* ASSIGNMENT: All of the records below must be output exactly, with no pictures carried over.

BEGIN MATERIAL FOR THIS EXERCISE

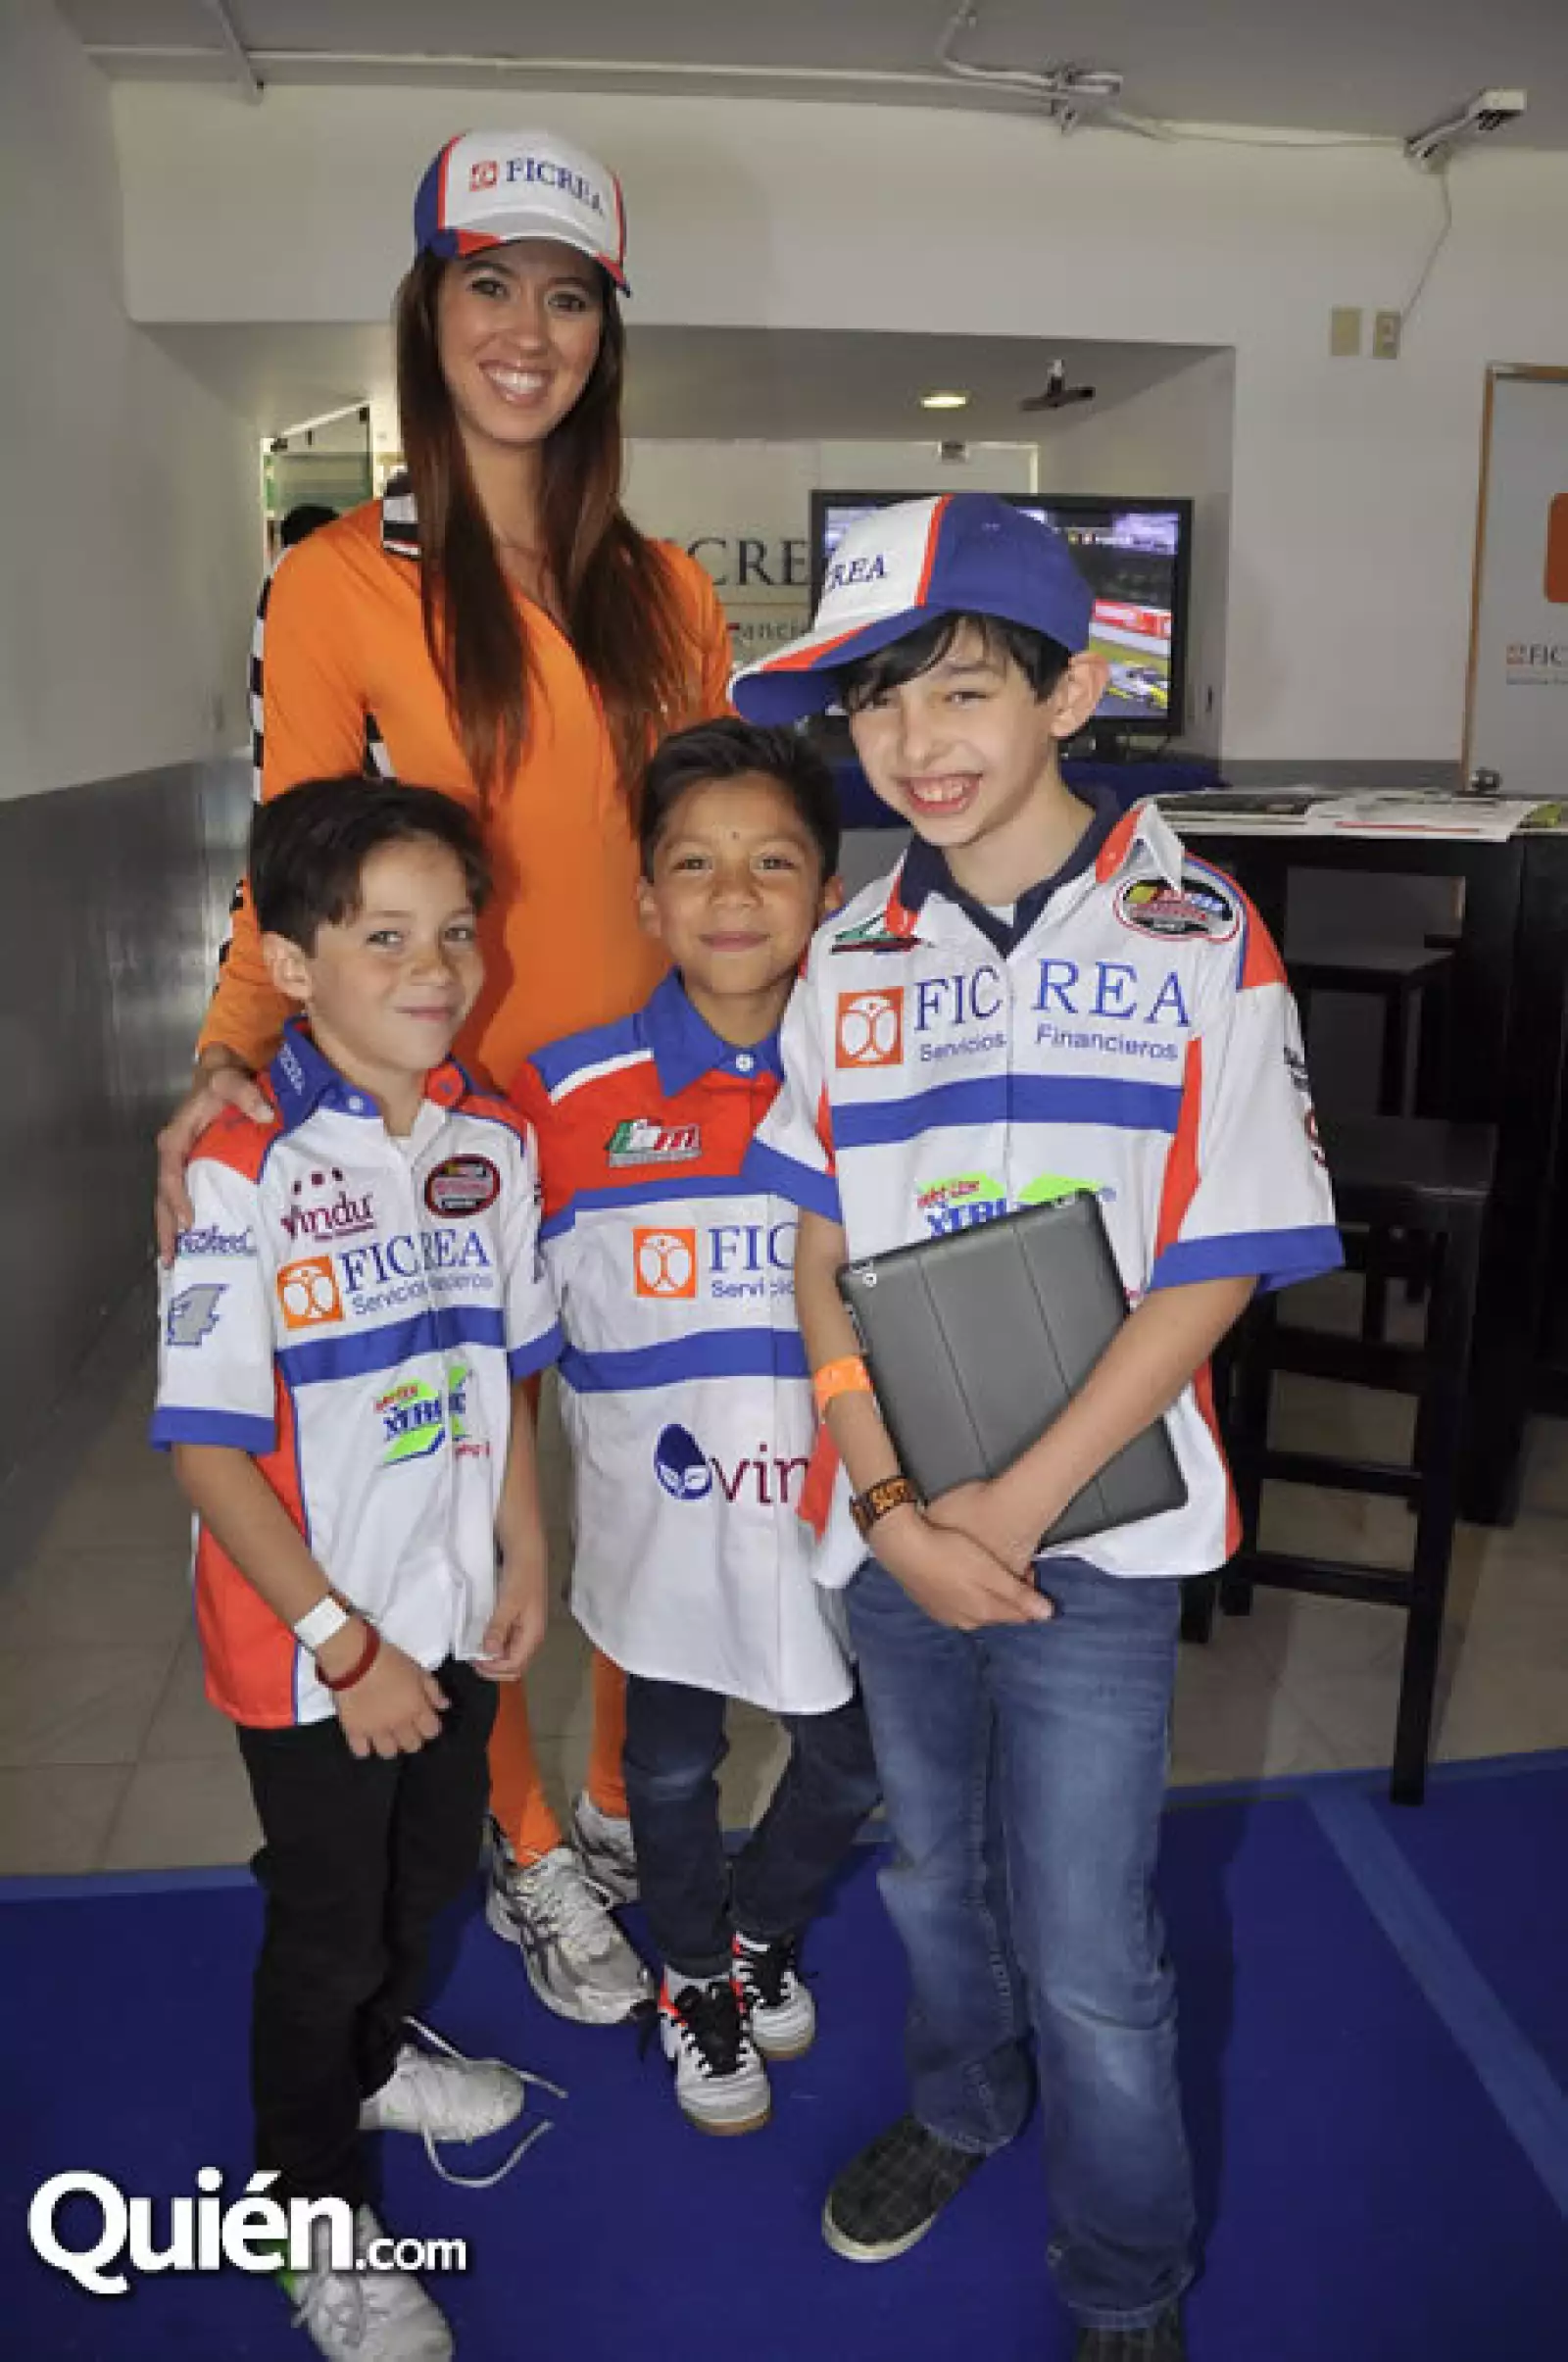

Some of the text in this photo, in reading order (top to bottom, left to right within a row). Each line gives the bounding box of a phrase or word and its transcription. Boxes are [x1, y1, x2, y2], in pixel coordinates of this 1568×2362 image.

[506, 156, 605, 217] FICREA
[919, 1023, 1178, 1062] Servicios Financieros
[708, 1221, 802, 1272] FIC
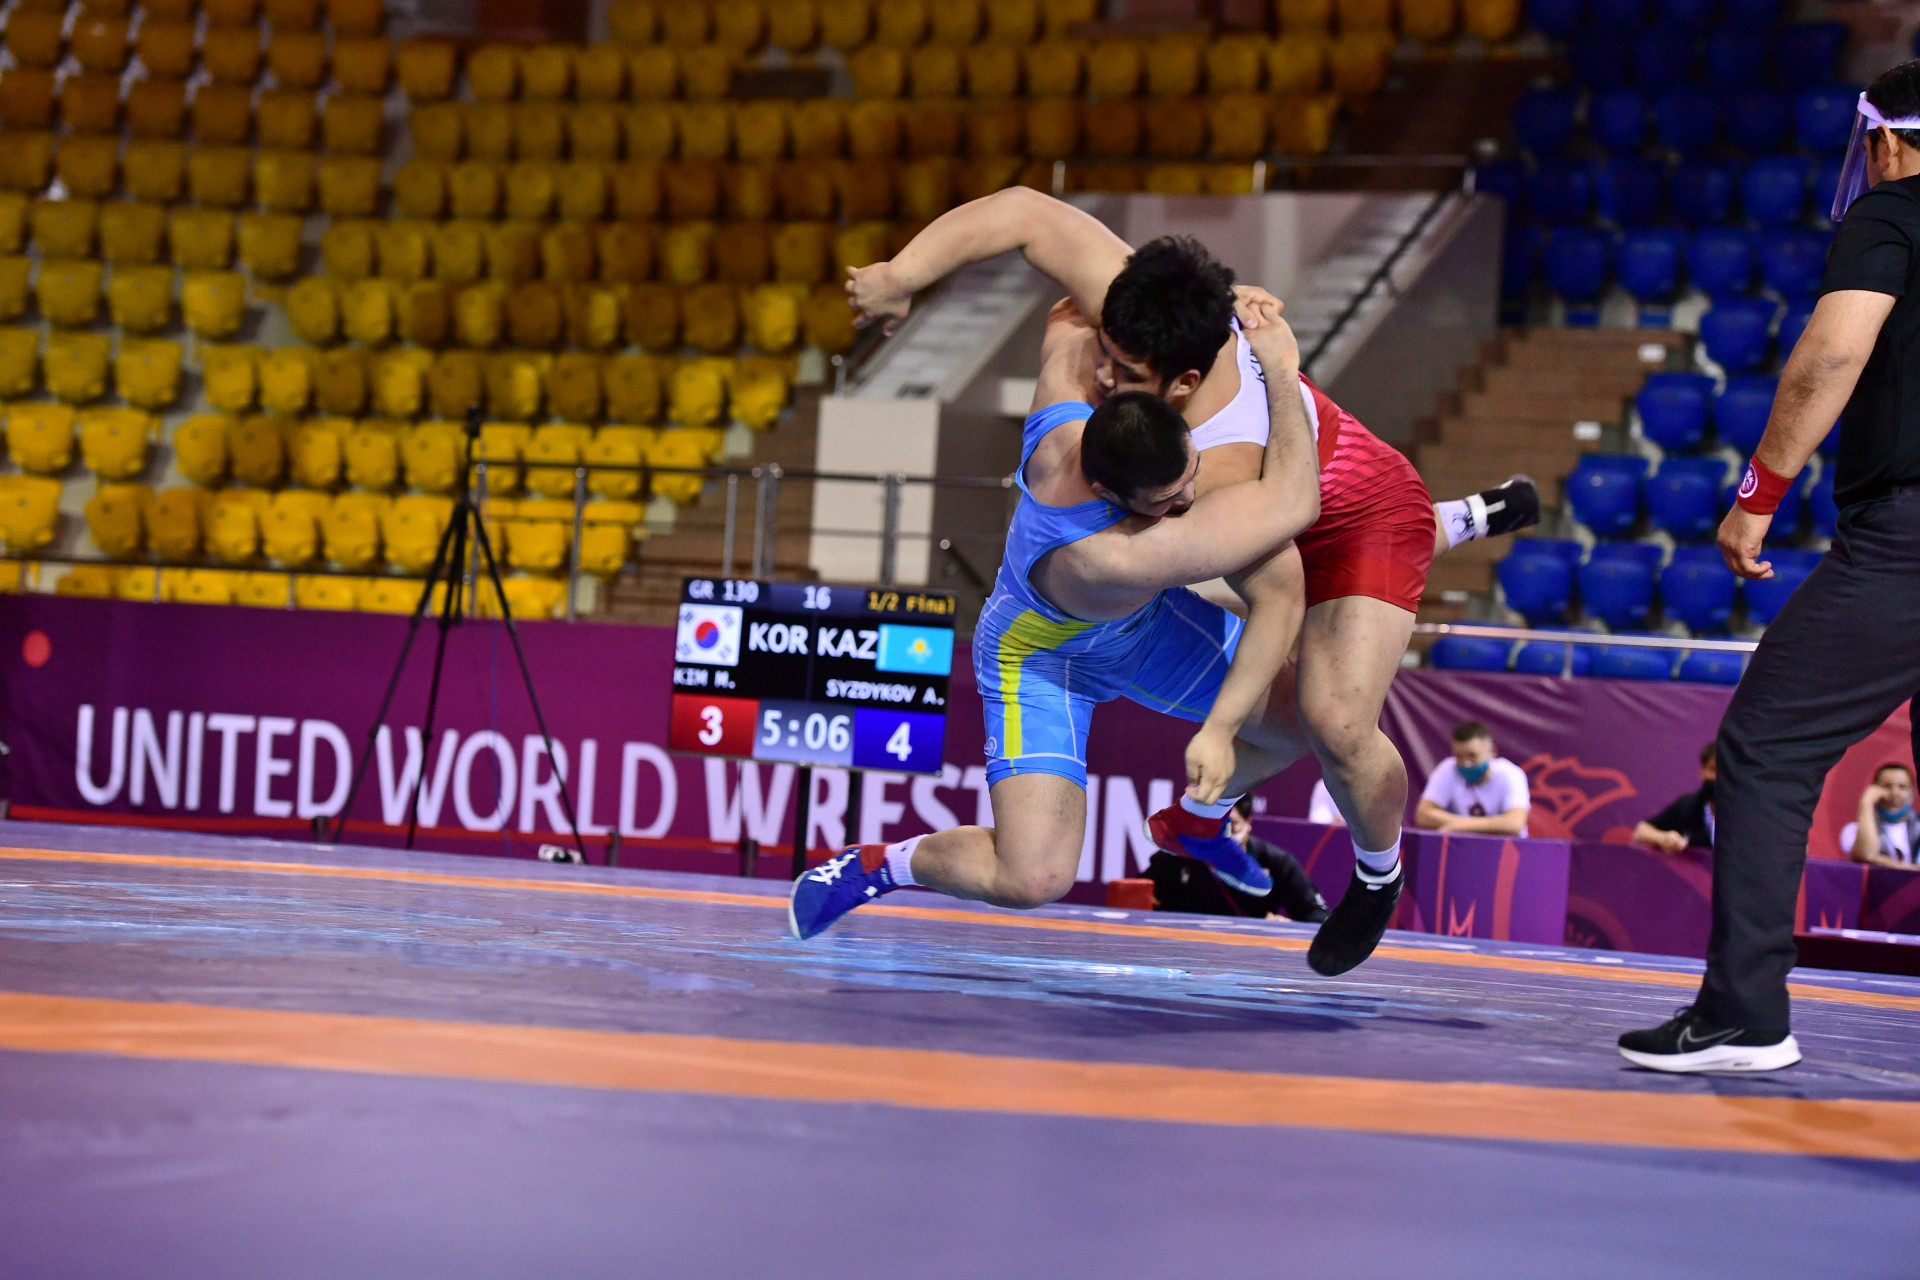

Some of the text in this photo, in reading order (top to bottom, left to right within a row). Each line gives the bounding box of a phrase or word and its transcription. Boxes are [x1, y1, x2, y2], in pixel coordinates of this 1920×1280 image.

END MATERIAL FOR THIS EXERCISE

* EXPECTED OUTPUT:
Some of the text in this photo, in reading order (top to bottom, left to right within a row). Each line gives the bounding box of a phrase or word and its transcription. Boxes are [x1, y1, x2, y2], in pixel coordinates of this 1568×2362 image.

[506, 156, 605, 217] FICREA
[919, 1023, 1178, 1062] Servicios Financieros
[708, 1221, 802, 1272] FIC

Some of the text in this photo, in reading order (top to bottom, left to right within a row). Each line gives the bounding box of a phrase or word and its transcription. Boxes are [x1, y1, x2, y2], in pixel coordinates of this 1920×1280 image.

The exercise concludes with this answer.